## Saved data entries
******

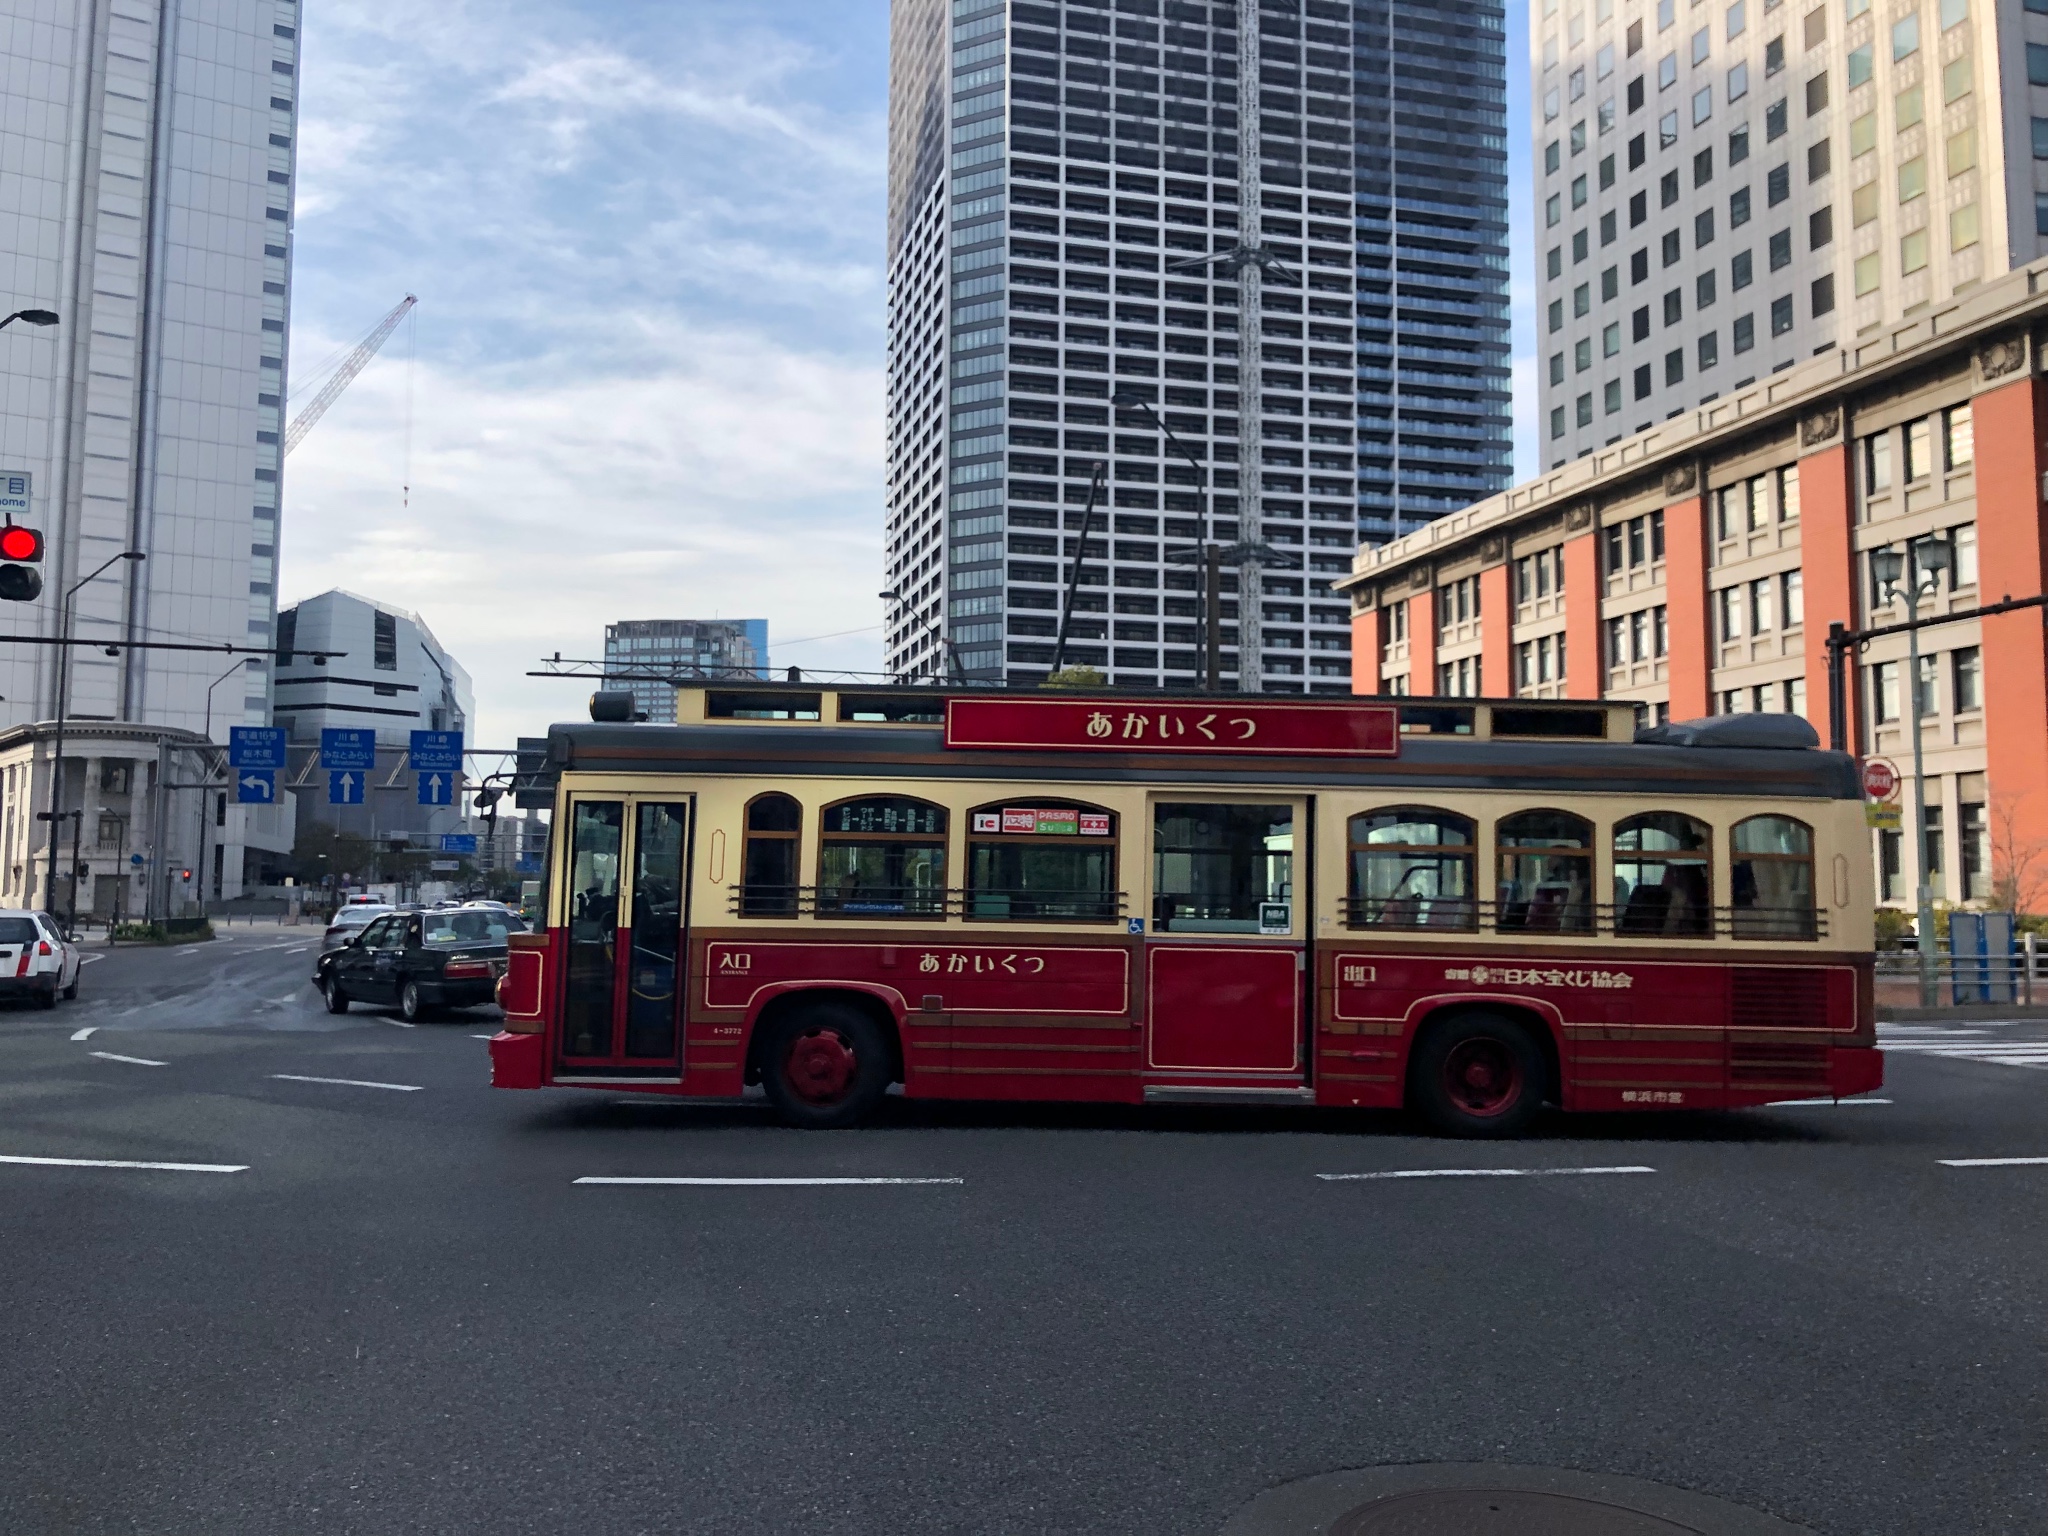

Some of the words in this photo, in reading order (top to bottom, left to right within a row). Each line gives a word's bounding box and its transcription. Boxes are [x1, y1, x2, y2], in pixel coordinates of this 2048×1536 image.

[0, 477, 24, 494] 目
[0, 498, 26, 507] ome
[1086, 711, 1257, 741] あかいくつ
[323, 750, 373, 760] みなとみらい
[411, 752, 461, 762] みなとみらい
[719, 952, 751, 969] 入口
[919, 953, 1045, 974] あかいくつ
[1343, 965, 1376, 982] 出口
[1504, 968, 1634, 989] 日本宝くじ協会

******

## Exercise prompt
Each record above needs to be copied exactly, with images left out.

## Exercise solution
Some of the words in this photo, in reading order (top to bottom, left to right within a row). Each line gives a word's bounding box and its transcription. Boxes are [x1, y1, x2, y2], in pixel coordinates of this 2048×1536 image.

[0, 477, 24, 494] 目
[0, 498, 26, 507] ome
[1086, 711, 1257, 741] あかいくつ
[323, 750, 373, 760] みなとみらい
[411, 752, 461, 762] みなとみらい
[719, 952, 751, 969] 入口
[919, 953, 1045, 974] あかいくつ
[1343, 965, 1376, 982] 出口
[1504, 968, 1634, 989] 日本宝くじ協会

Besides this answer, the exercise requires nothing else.